Once in a lifetime
What is security’s purpose if not to help with risk management? Organizations run on varying degrees of risk—financial risk, operational risk, market risk, sociopolitical risk, etc.—and information security has become a big piece of the risk picture. More and more, heads of security are being asked to present to the board, yet many CISO’s continue to struggle with conveying how the operational aspects of security impact strategic risks to the business.
Infosec Insider spoke with Angie Singer Keating, CEO of Reclamere, who has a broad background in security and risk management, to learn her recommendations for creating stand-out board presentations. Having worked on both sides of the business, Singer Keating understands what resonates and what falls flat in the boardroom.
How should a CISO approach a board presentation?
The CISO should start with what is being done at his or her organization that is at or above industry or regulatory best practices. Don't be shy. Brag. This is your chance to present a summary of what's been accomplished since your last report. If appropriate, thank those who contributed to these accomplishments through budget, technical, or human resources.
Always begin your presentation with a succinct summary of the report highlights. Use bullet points, charts, or infographics to convey complex information in an easily digestible format. Executives rarely have time to read entire reports immediately. If you are in a position to be writing such reports, be cognizant and respectful of their time constraints.

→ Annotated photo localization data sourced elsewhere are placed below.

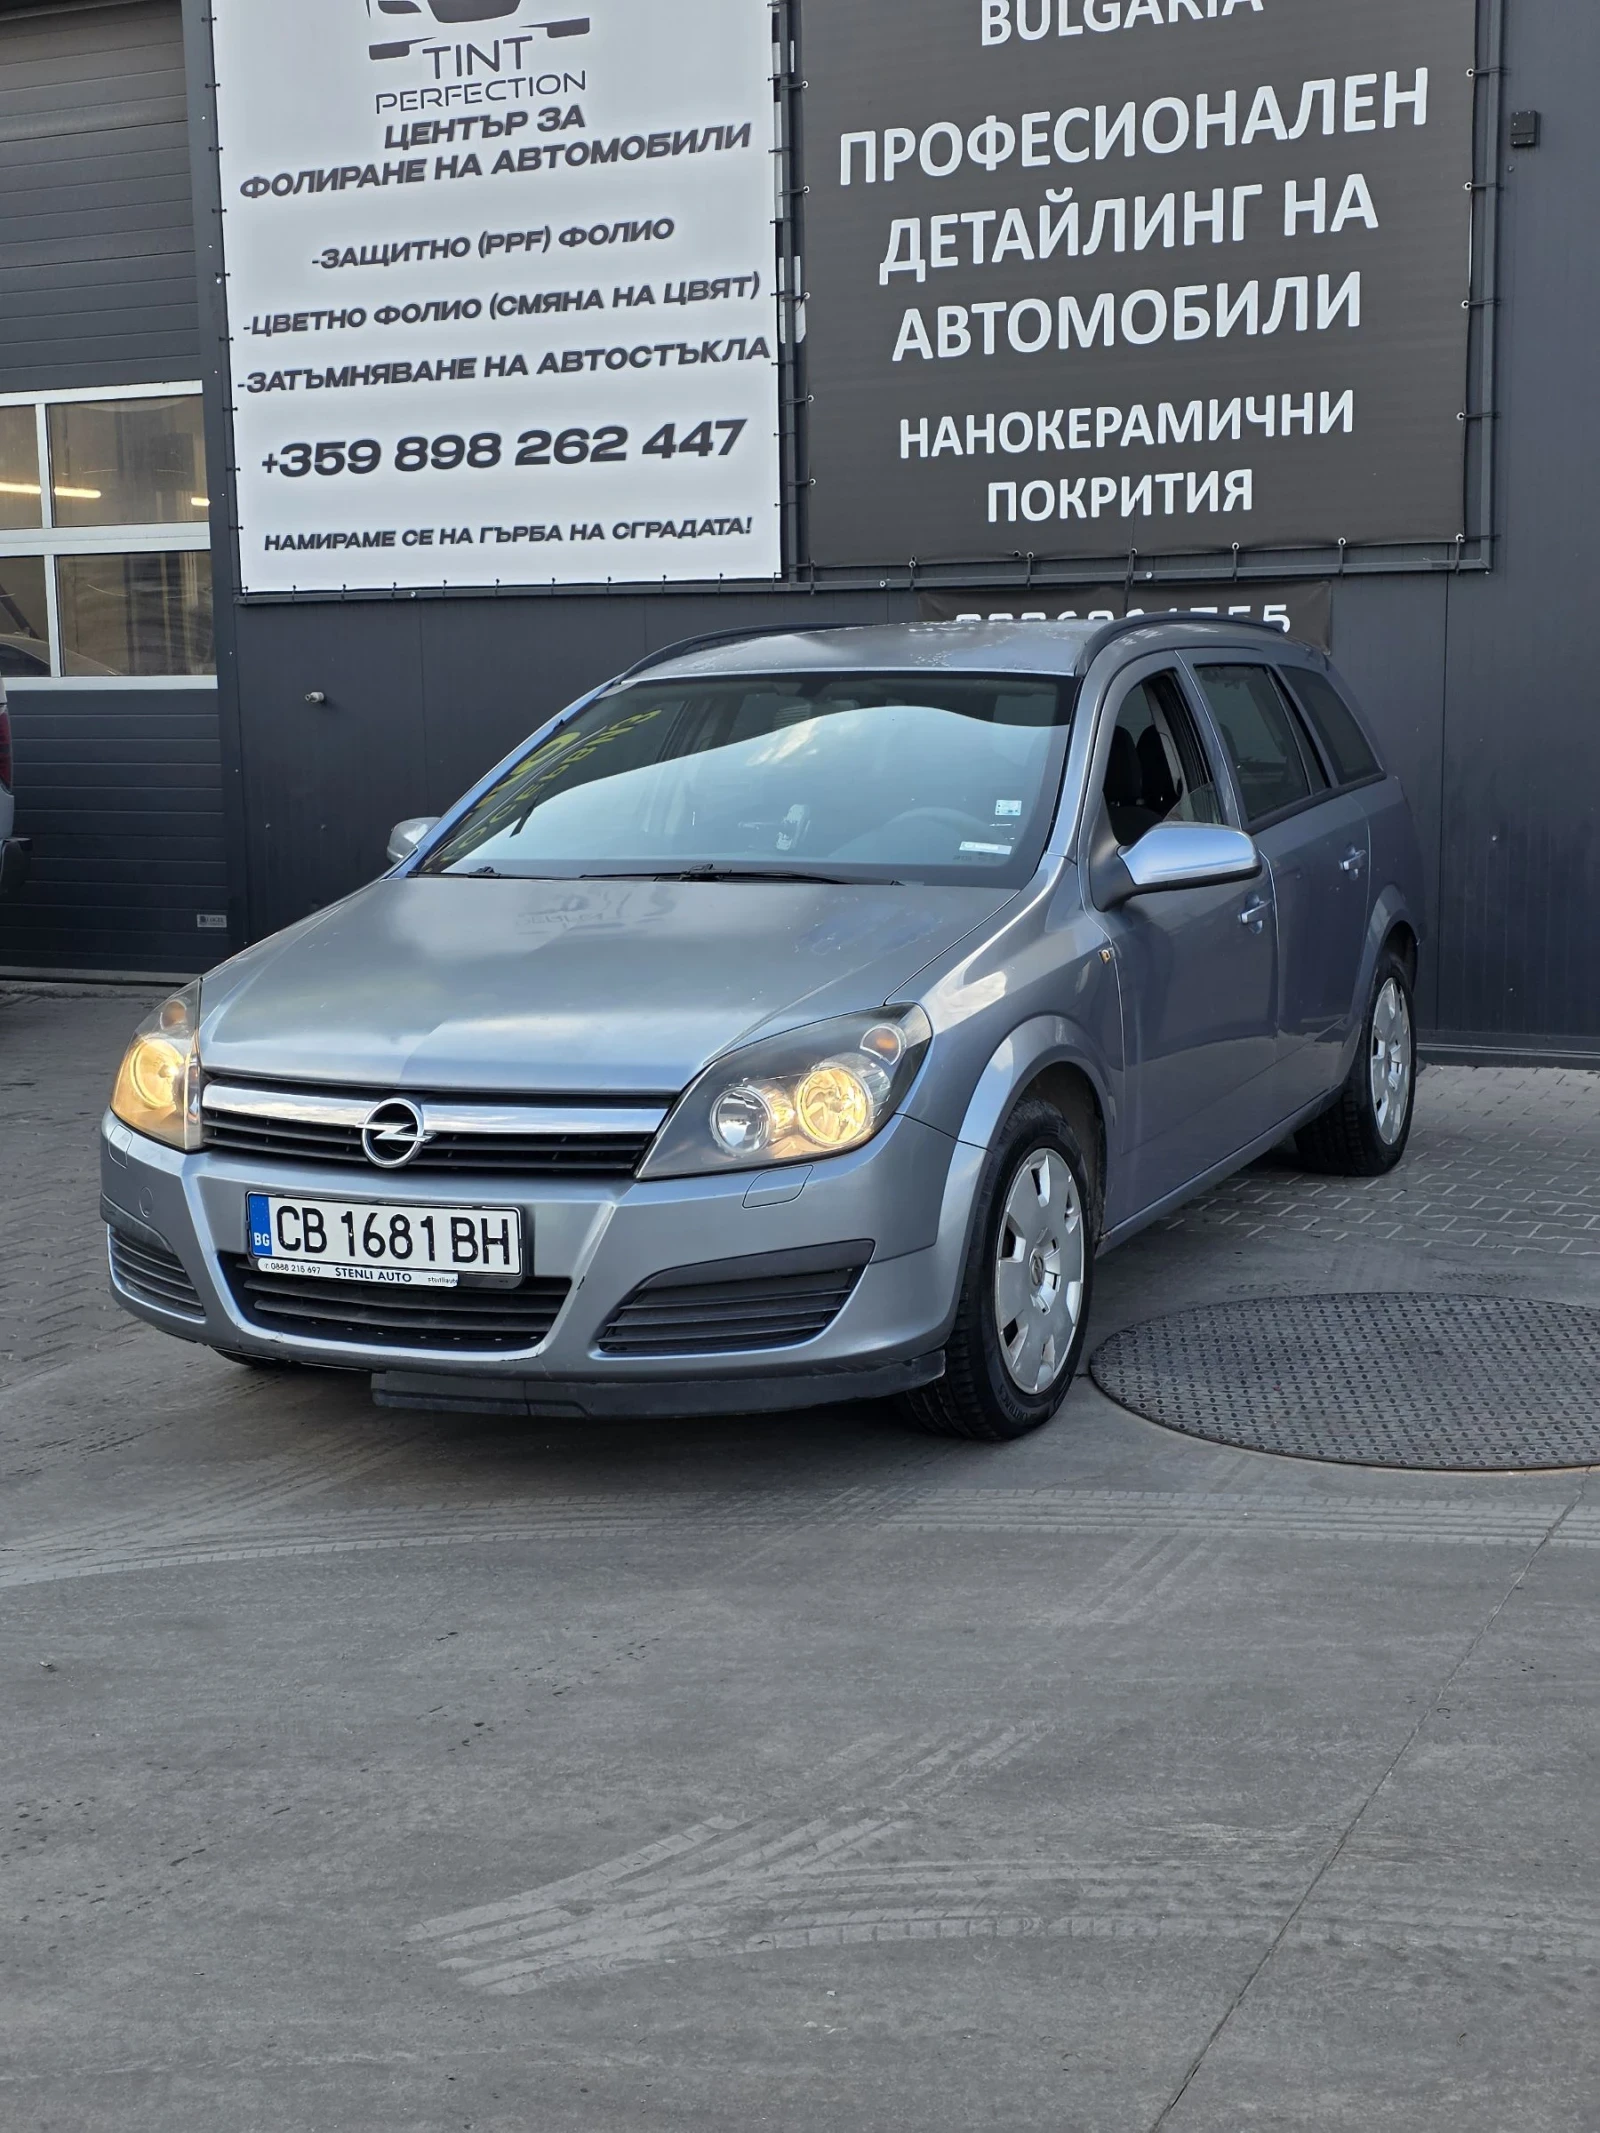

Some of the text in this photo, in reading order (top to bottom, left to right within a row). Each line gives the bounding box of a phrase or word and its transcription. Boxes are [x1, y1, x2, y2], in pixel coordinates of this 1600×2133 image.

[982, 0, 1264, 47] BULGA
[423, 36, 533, 80] TINT
[376, 70, 586, 115] PERFECTION
[385, 105, 586, 151] ЦЕНТЪР ЗА
[841, 67, 1428, 186] ПРОФЕСИОНАЛЕН
[240, 123, 751, 199] ФОЛИРАНЕ НА АВТОМОБИЛИ
[312, 219, 675, 270] -ЗАЩИТНО (PPF) ФОЛИО
[879, 174, 1379, 286] ДЕТАЙЛИНГ НА
[243, 271, 760, 338] -ЦВЕТНО ФОЛИО (СМЯНА НА ЦВЯТ)
[892, 271, 1361, 362] АВТОМОБИЛИ
[237, 337, 771, 394] -ЗАТЪМНЯВАНЕ НА АВТОСТЪКЛА
[262, 418, 748, 478] +359 898 262 447
[900, 390, 1354, 458] НАНОКЕРАМИЧНИ
[988, 469, 1253, 523] ПОКРИТИЯ
[265, 517, 753, 551] НАМИРАМЕ СЕ НА ГЪРБА НА СГРАДАТА!
[254, 1205, 511, 1265] BG CB 1681 BH
[335, 1267, 412, 1283] STENLI AUTO
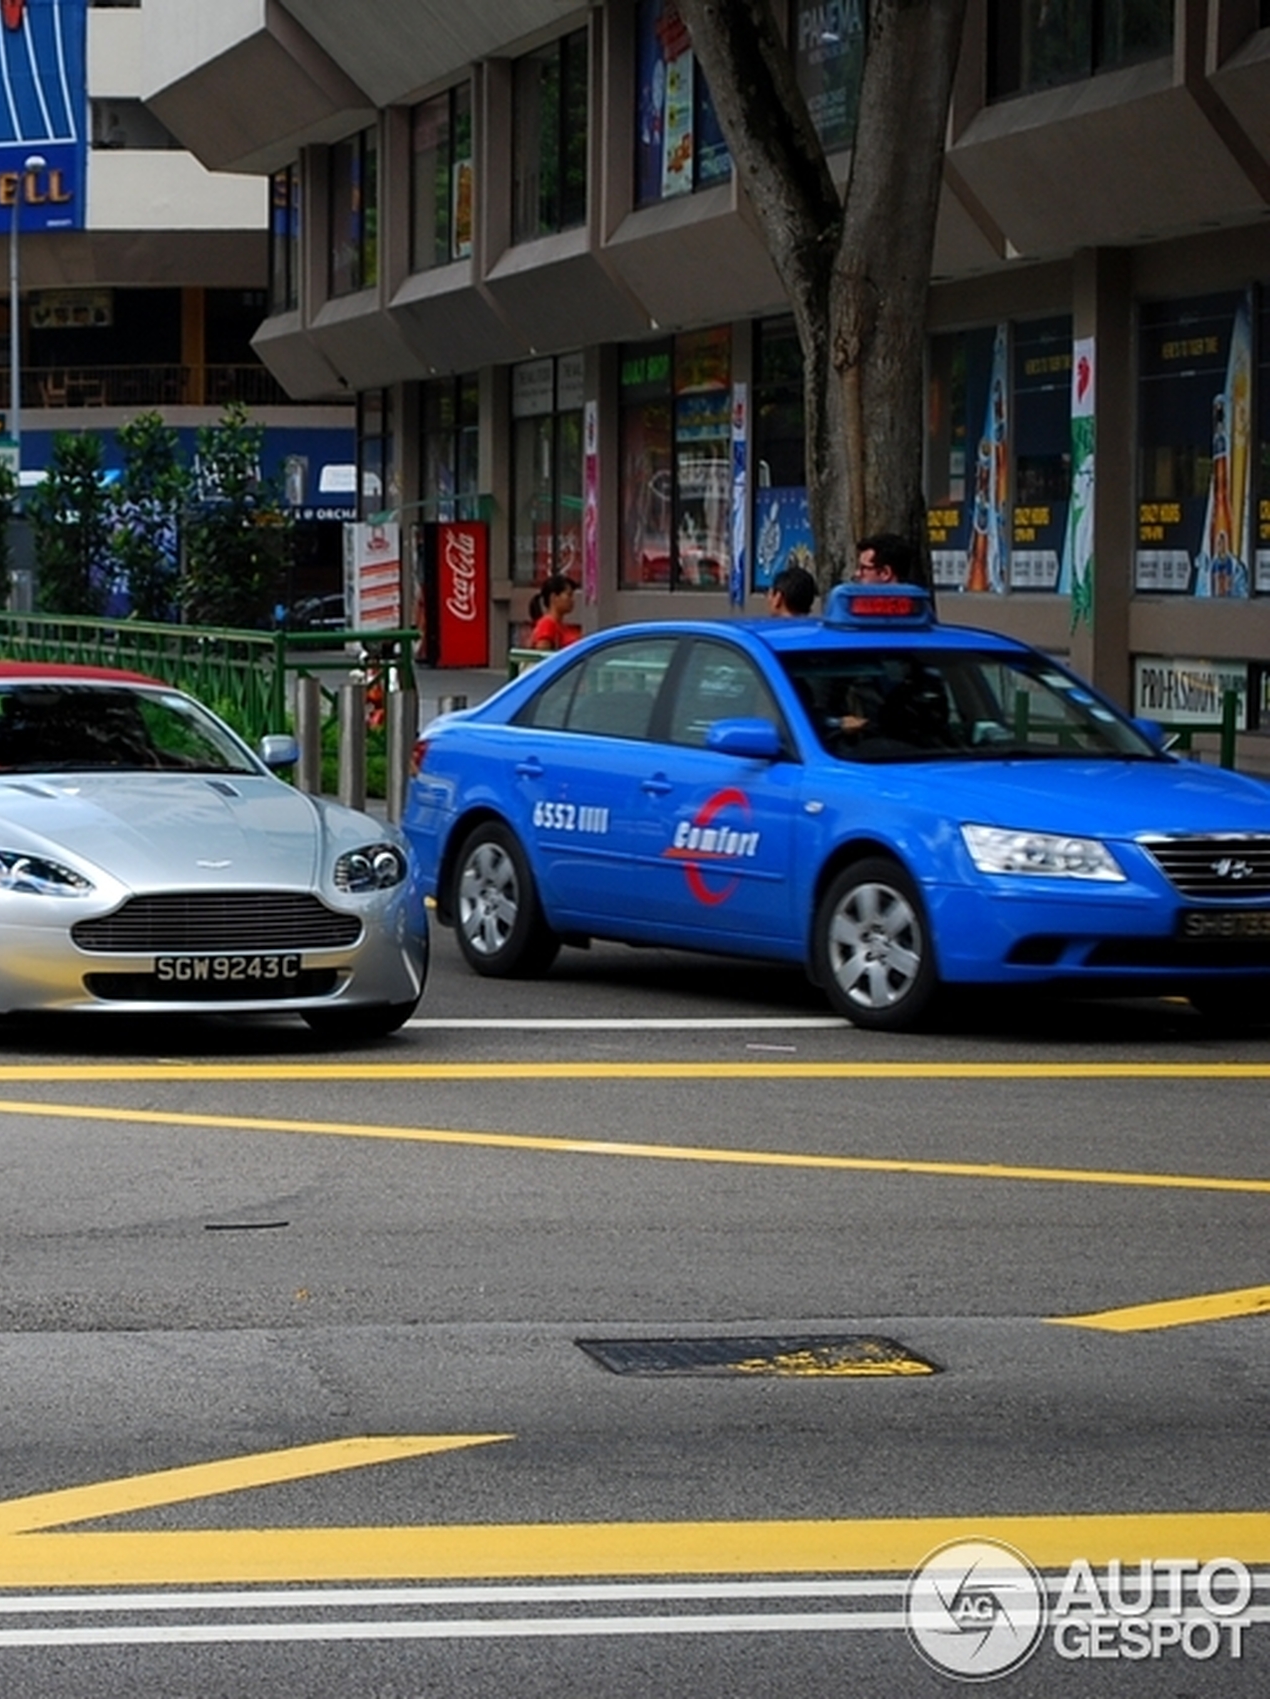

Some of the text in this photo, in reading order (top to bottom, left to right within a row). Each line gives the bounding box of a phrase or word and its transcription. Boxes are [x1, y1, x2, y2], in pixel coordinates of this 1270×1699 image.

[446, 528, 477, 621] Coca-Cola
[533, 801, 576, 831] 6552
[673, 821, 760, 857] Comfort
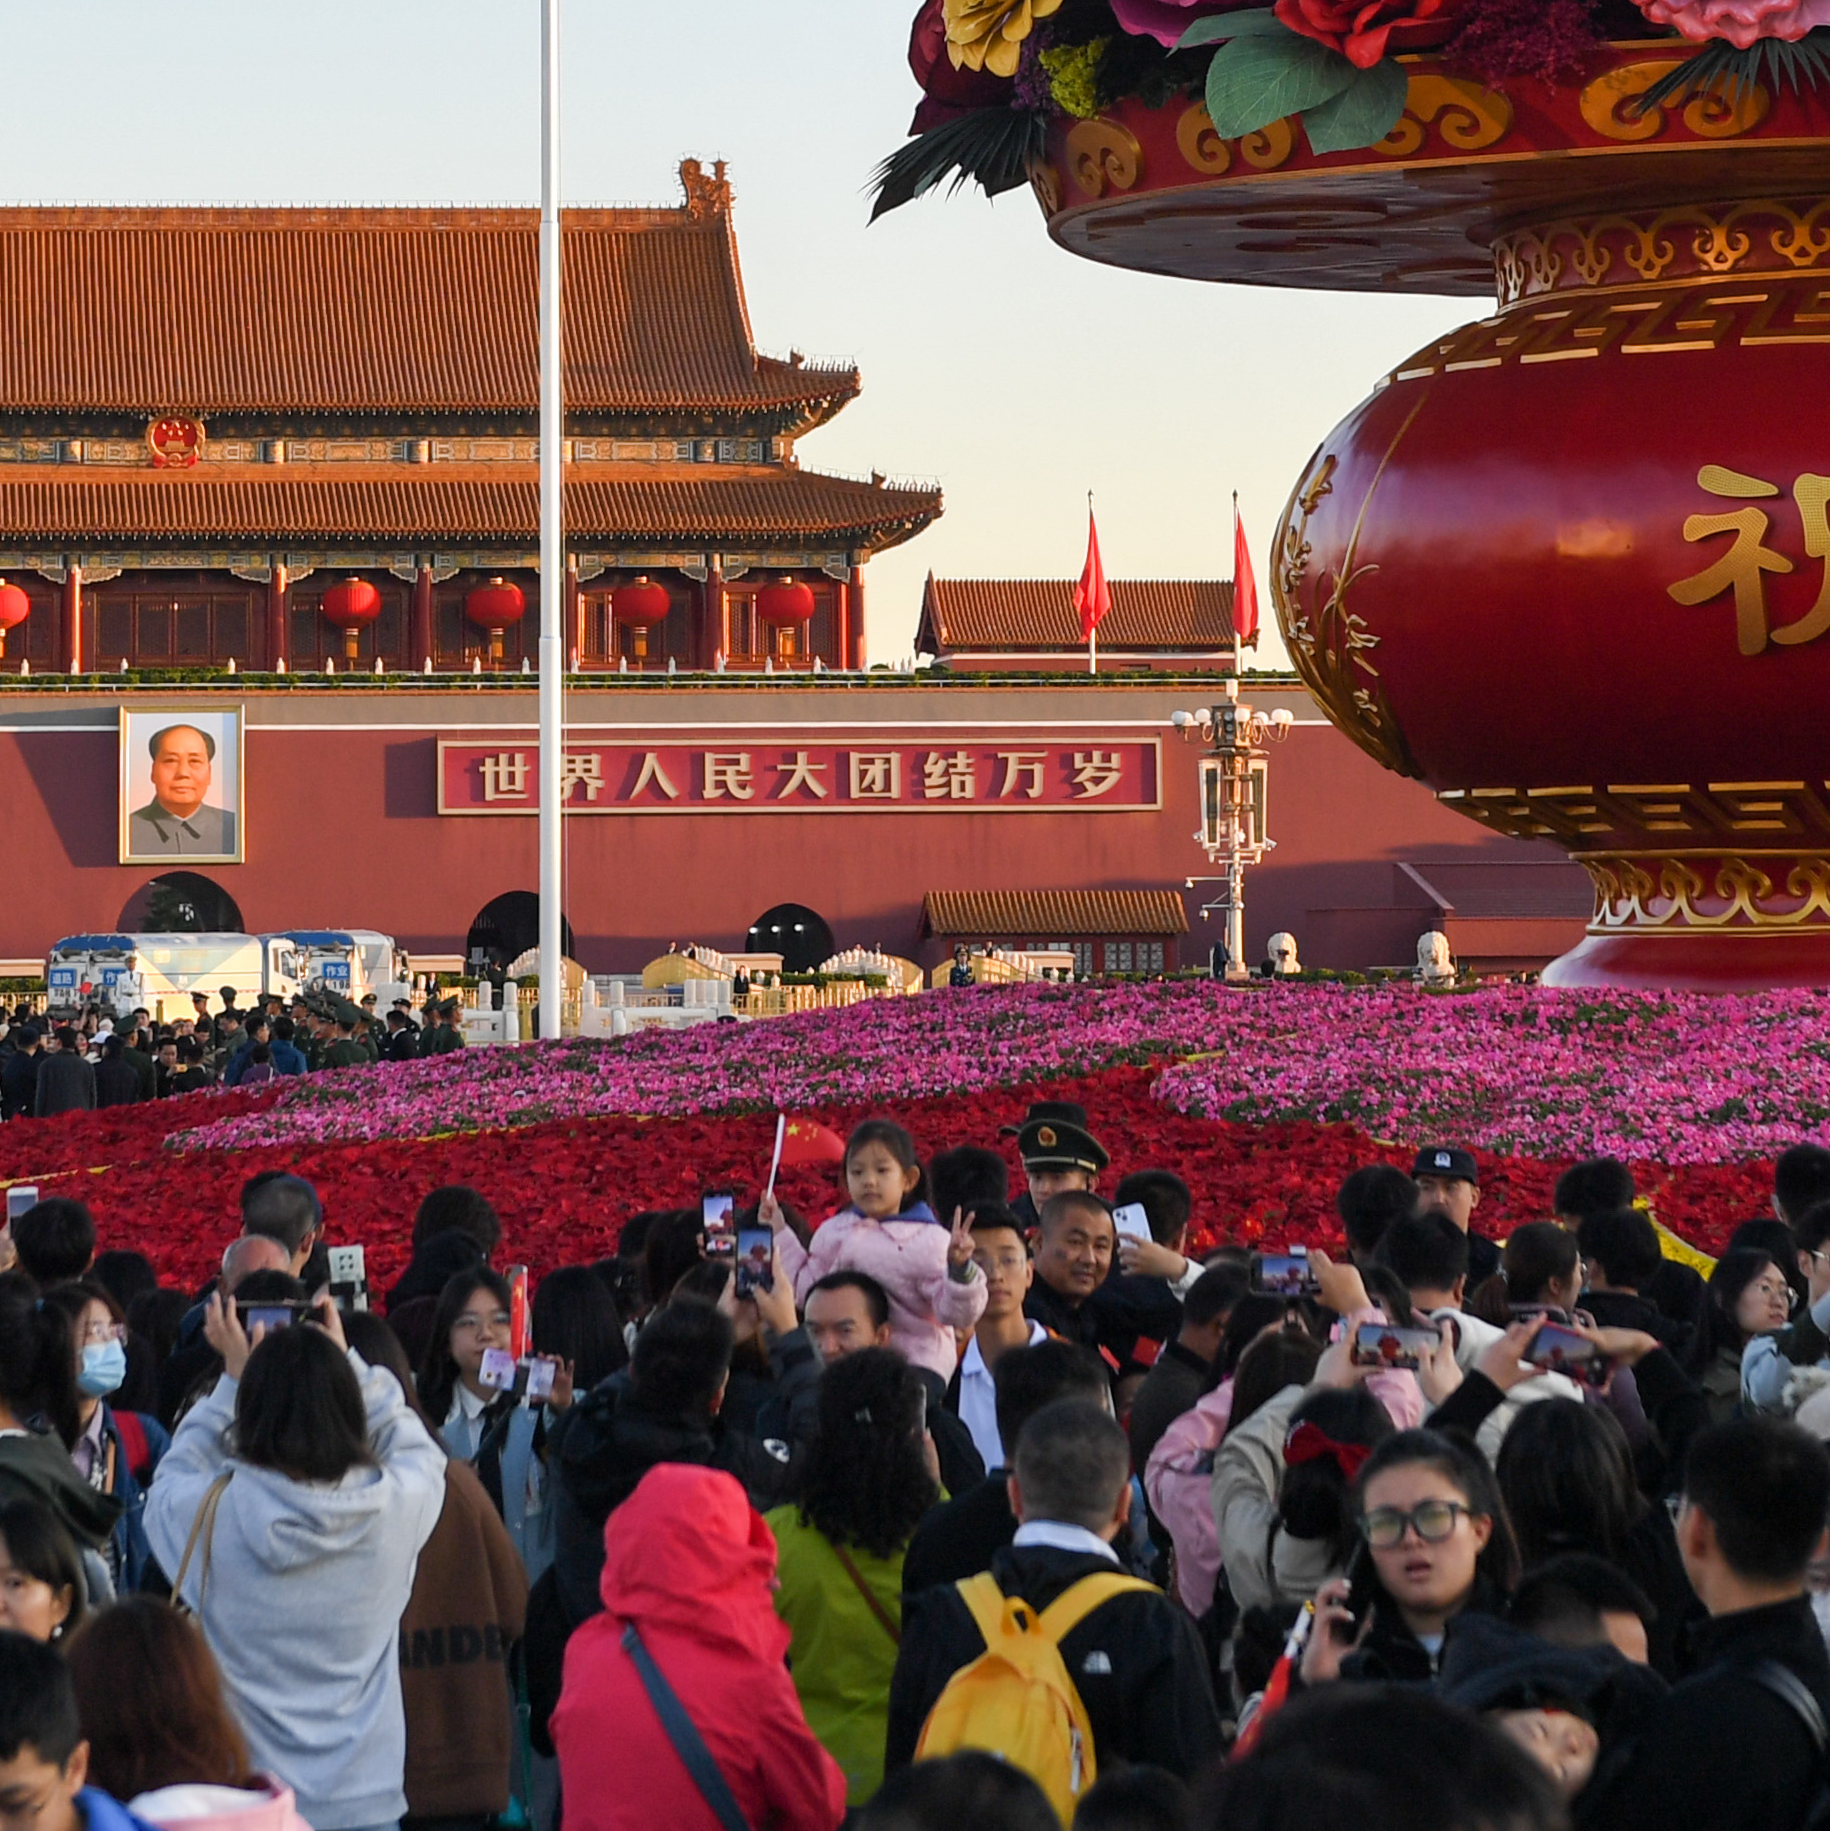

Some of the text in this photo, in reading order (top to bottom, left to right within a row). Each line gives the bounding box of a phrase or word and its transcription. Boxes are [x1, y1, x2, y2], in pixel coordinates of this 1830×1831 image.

Where do CISOs or security practitioners falter when it comes to presenting?
Communication and translating security to business terms. Whatever issue you have, state it first in the language of business (i.e., why does a particular risk present an issue to your organization). Don't assume your audience knows, especially if the risk is highly technical in nature.
For example, an identified risk might be the organization’s over-reliance on anti-virus, without any next-generation endpoint protection in place. Speak to the problem of how this antiquated technology is not sufficient for today's sophisticated attacks; explain that security industry standards no longer consider anti-virus an acceptable business practice for securing user computers.
The business risk—and what the board wants to hear—is that cyber liability coverage could be denied; litigation strategy could be compromised; and when an incident occurs, resources will be diverted away from business critical projects and initiatives towards clean up and remediation efforts.
Next, present the solution. Recommend next steps or options, and make sure you talk about the solution in a business context. In our example, the solution could be that implementing next-generation endpoint protection could delay or eliminate the need for an additional full time employee (FTE) on the IT staff, which saves the organization money. It might mean that your staff would be “X” times more efficient at helping users maintain productivity or working on mission objectives because they will spend less time chasing down false alerts, inspecting or monitoring machines constantly, and taking computers off-line to investigate and clean them up after an incident. The business likes to hear about productivity and efficiency, so anything that speaks to these points will be a big win.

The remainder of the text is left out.